We read the consultation invites “stakeholders -- governments, credit guarantee schemes (CGSs) and lenders” should not SMEs, or those who speak up for the borrowers’ rights of not being discriminated against by regulators, be specifically invited?
Monday, May 18, 2015
The World Bank spoke out way too softly on faulty bank regulations, and finance ministers did not read carefully enough.
World Banks' The Global Development Finance 2003 (GDF-2003), “Striving for Stability in Development Finance” had this to say on Basel II, pages 50-52
“The new method of assessing the minimum-capital requirement [proposed by the Basel Committee for Banking Supervision (BCBS)]… will be explicitly linked to indicators of credit quality… The regulatory capital requirements would be significantly higher in the case of non-investment-grade emerging-market borrowers than under Basel I. At the same time, borrowers with a higher credit rating would benefit from a lower cost of capital under Basel II….
A recent study by the OECD (Weder and Wedow 2002) estimates the cost in spreads for lower-rated emerging borrowers to be possibly 200 basis points.”
What did the World Bank say with that?
It said that regulatory capital requirements would distort more than the previous Basel I did, the allocation of bank credit.

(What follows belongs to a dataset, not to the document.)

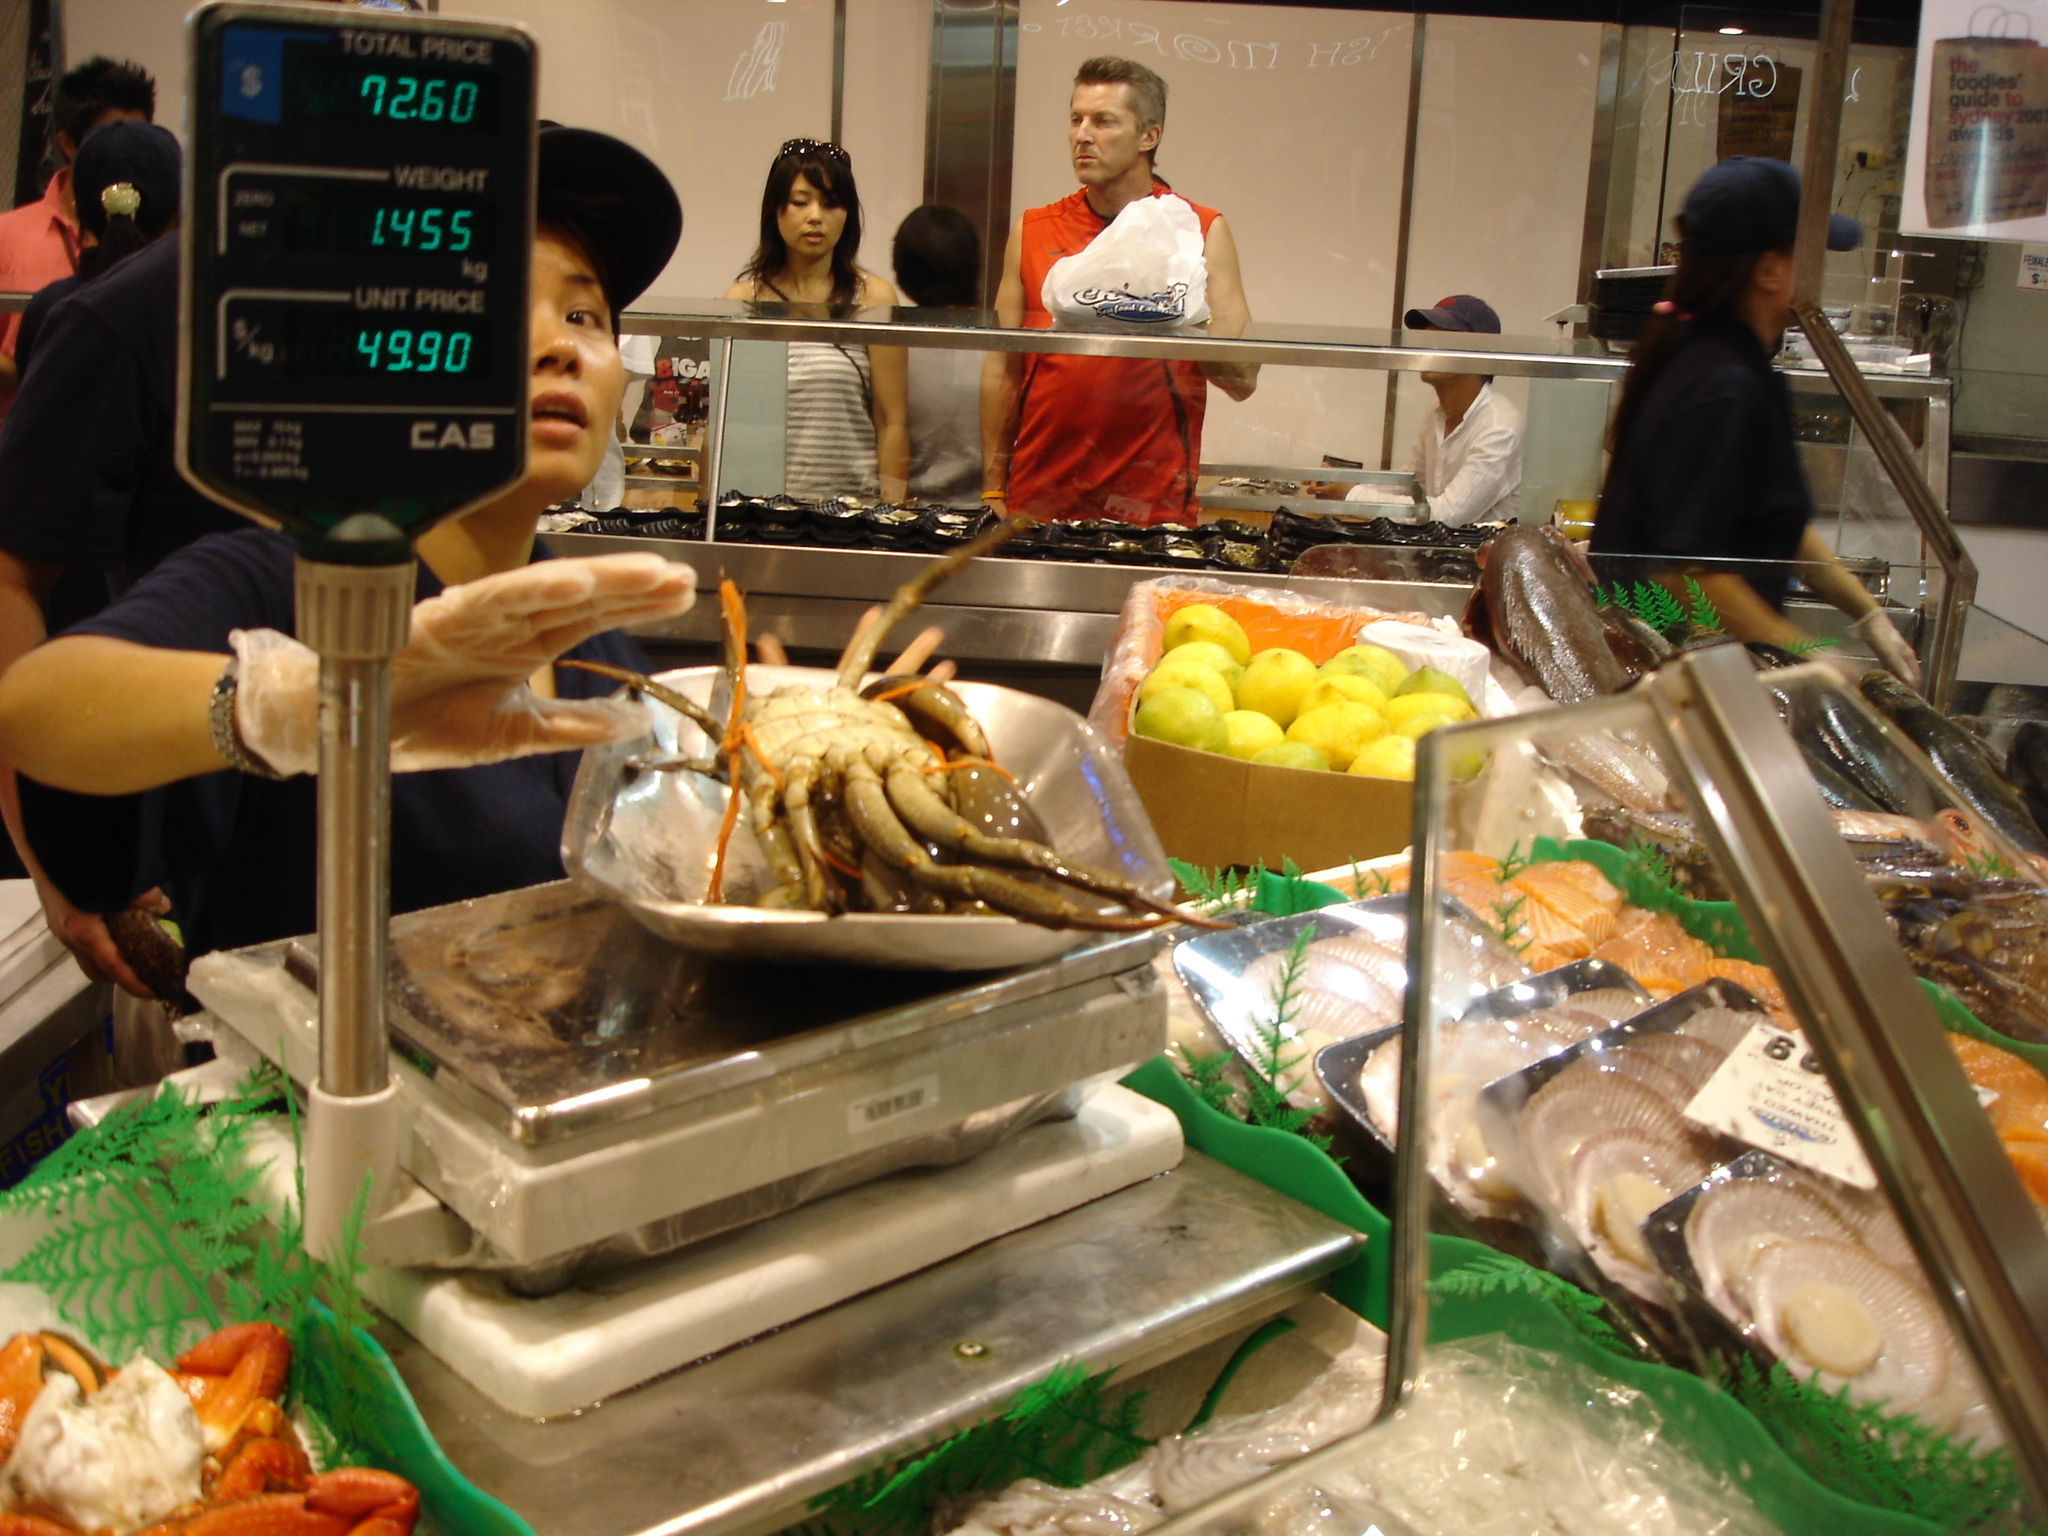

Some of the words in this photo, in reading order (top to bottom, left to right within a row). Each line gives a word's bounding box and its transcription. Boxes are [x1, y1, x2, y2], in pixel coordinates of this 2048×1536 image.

What did finance ministers of developing countries do?
They did not protest that as an outrageous odious discrimination of bank lending to countries like theirs that are naturally perceived as more risky.
What did finance ministers of developed countries do?
They did not understand that their own “risky”, the SMEs and entrepreneurs, would be exposed to exactly that same odious discrimination.
I, at that time an Executive Director of the World Bank, mostly representing developing countries, when commenting GDF-2003 formally stated:
“the document does not analyze at all a very fundamental risk for the whole issue of Development Finance, being that the whole regulatory framework coming out of the BCBS might possibly put a lid on development finance, as a result of being more biased in favor of safety of deposits as compared to the need for growth. Even though, in theory, we could agree that there should be no conflict between safety and growth, in practice there might very well be, most specially when the approach taken is by substituting the market with a few fallible credit rating agencies.”
And a couple of weeks later, also formally at the Board of the World Bank I held: “BCBS dictates norms for the banking industry that might be of extreme importance for the world’s economic development. In BCBS’s drive to impose more supervision and reduce vulnerabilities, there is a clear need for an external observer of stature to assure that there is an adequate equilibrium between risk-avoidance and the risk-taking needed to sustain growth. Once again, the World Bank seems to be the only suitable existing organization to assume such a role."
Now I hear some talking about that the World Bank is becoming irrelevant. Forget it! It could be more relevant than ever… but for that it has to be able to stand up for the risk-taking our children needs for us to take in order for their children to have a future.
PS. Come to think of it. The World Bank has been mum on this regulatory distortion of the allocation of bank credit to the real economy. Why? Does it not even listen to itself?
PS. Come to think of it. The World Bank has been mum on this regulatory distortion of the allocation of bank credit to the real economy. Why? Does it not even listen to itself?